If you need electricity to operate your locks, a power failure is the difference between you sleeping on your front porch, or burglars having a key to your house.
No house lock goes from locked to unlocked if you cut power to the house. What the hell are you talking about? They’re battery powered and nearly every single one of them still uses a key from the outside as a manual override.
Against what sort of attack? Who’s the attacker? What capabilities do they have? What do they want?
There’s a saying, “locks are to keep your friends out.” If someone really means you harm, a lock is not going to keep them out: they can smash a window, break down the door, or hit you with a rubber hose until you give them your keys or passwords. This applies no matter what kind of lock you have.
But a lock represents a social barrier: everyone knows that trying to defeat someone else’s lock is a hostile act. The law recognizes this in many places: breaking-and-entering is a more severe crime than trespassing.
A lock may slow down an attacker. It may redirect an attacker to go after your neighbor’s stuff instead of your stuff — but not if everyone has locks.
A password lock has some advantages over a key lock. You don’t have to issue physical keys to everyone you want to allow in. Many allow you to create and revoke passwords separately — so you can grant a friend access to your house while you’re away, and then revoke it when they no longer need it.
However, a password lock also has some disadvantages. If you give a password to one person, that person can easily give it to everyone. That’s a lot harder with a physical key, because they’d have to go make a lot of copies of that key — which, if nothing else, costs money and time.

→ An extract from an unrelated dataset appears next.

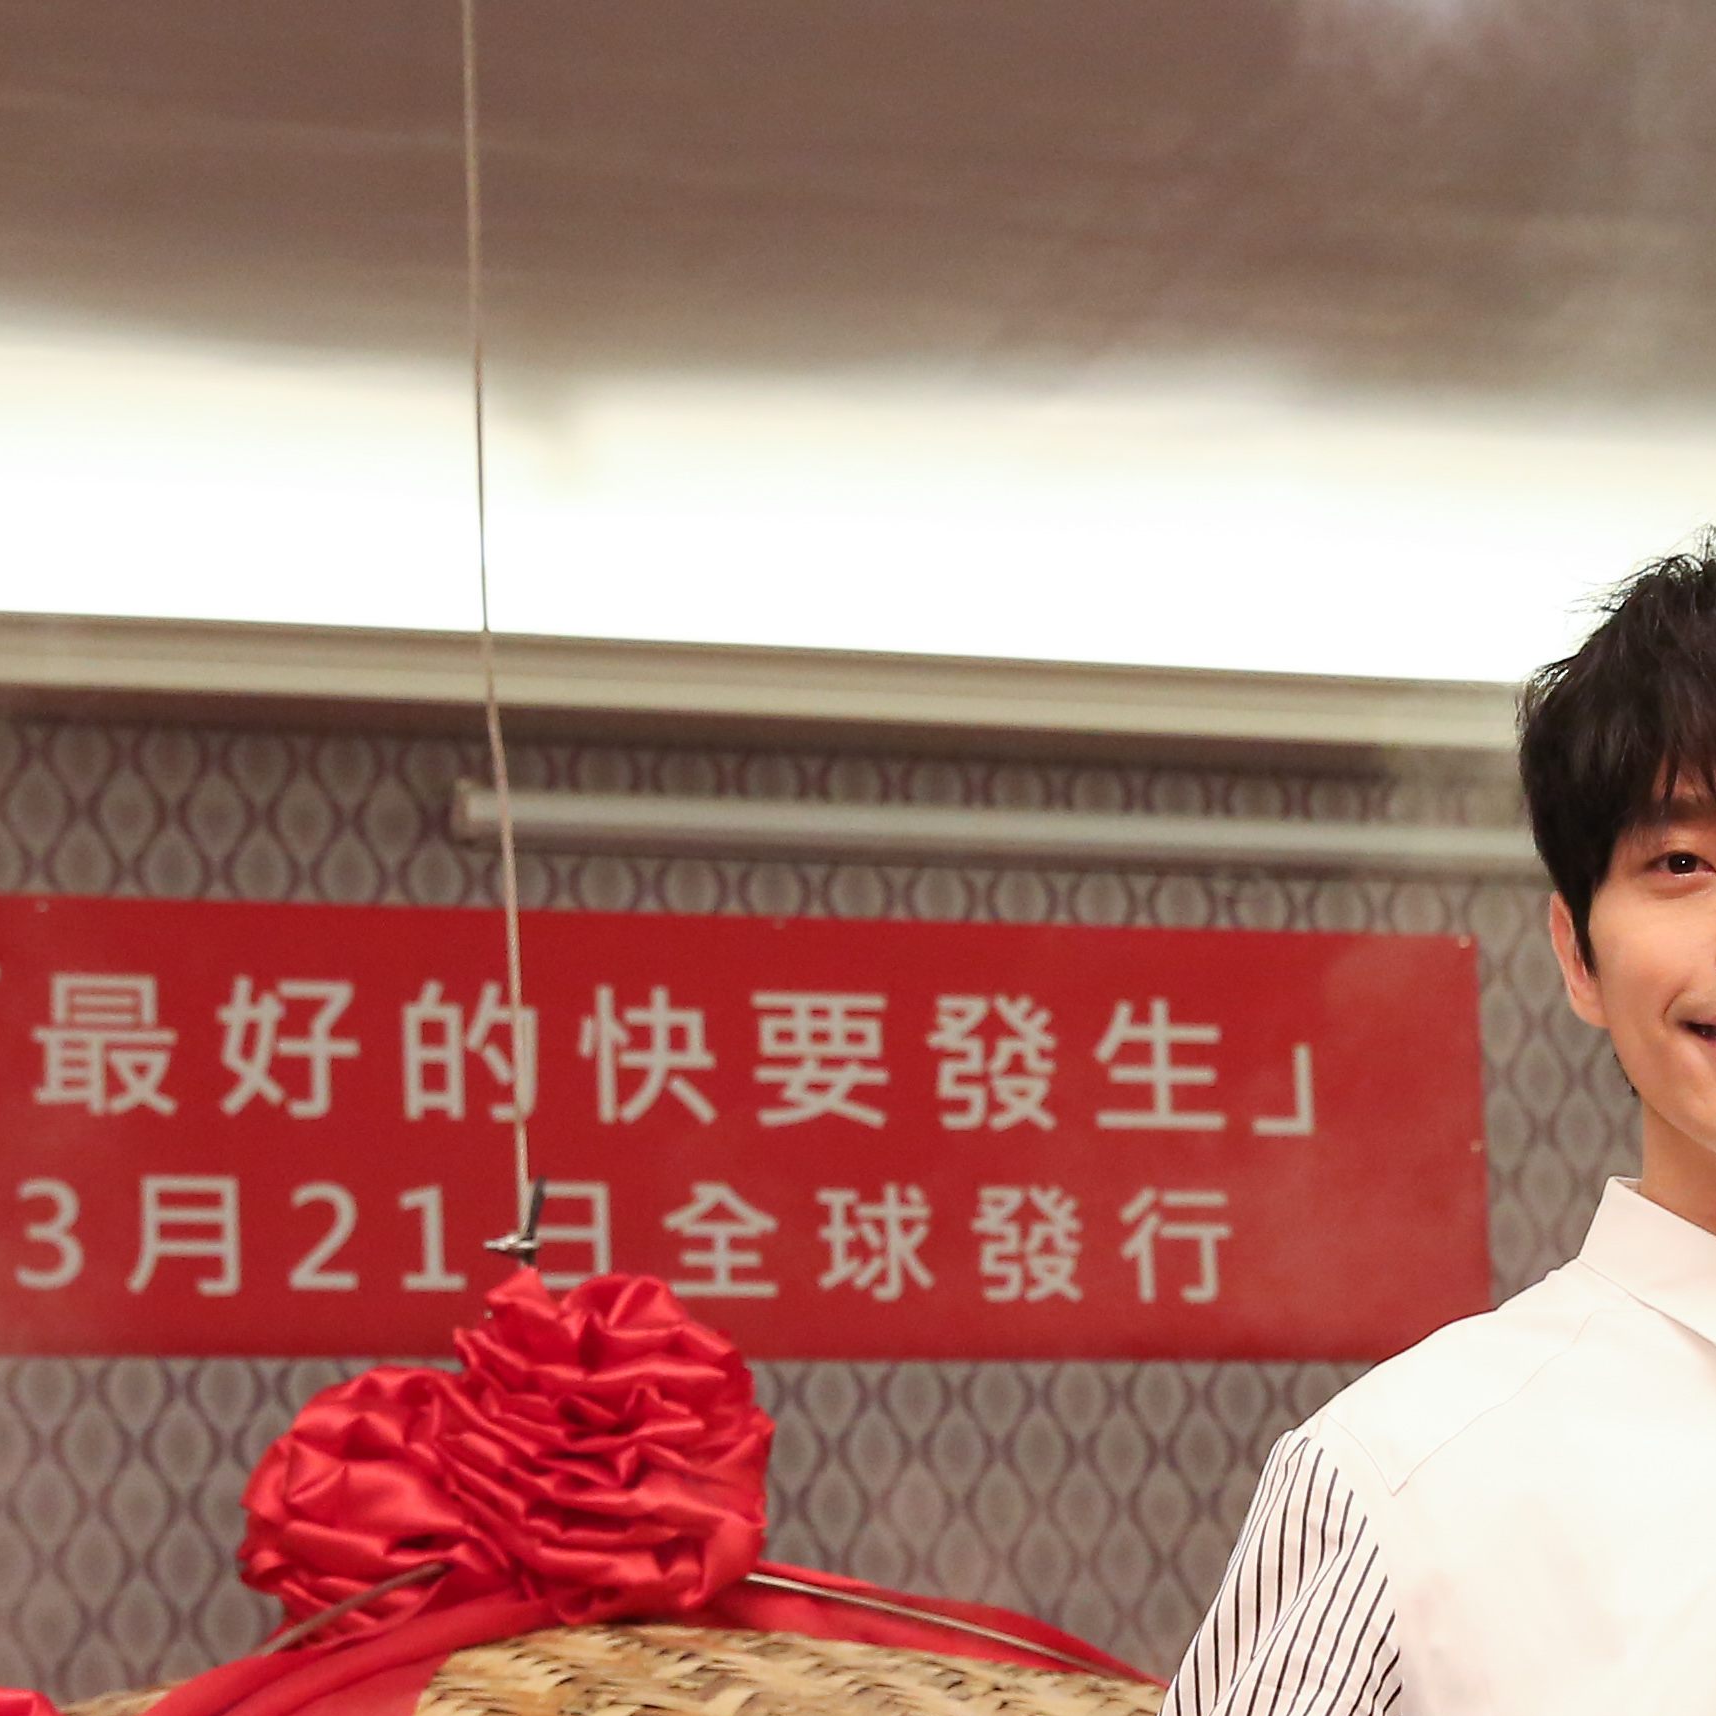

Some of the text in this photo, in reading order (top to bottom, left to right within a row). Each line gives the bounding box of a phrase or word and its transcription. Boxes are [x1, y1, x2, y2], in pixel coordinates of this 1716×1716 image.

[15, 1175, 1234, 1304] 3月21日全球發行

A computerized lock can create an audit trail: it can record when it was opened, and even which credentials (passwords, keys, …) were used to unlock it.
Any lock can have vulnerabilities — most common key locks can be picked; computerized locks can be attacked through their computer hardware or software.
Thanks for reminding me of this XKCD gem!
https://en.wikipedia.org/wiki/Rubber-hose_cryptanalysis
In cryptography, rubber-hose cryptanalysis is a euphemism for the extraction of cryptographic secrets (e.g. the password to an encrypted file) from a person by coercion or torture—such as beating that person with a rubber hose, hence the name—in contrast to a mathematical or technical cryptanalytic attack.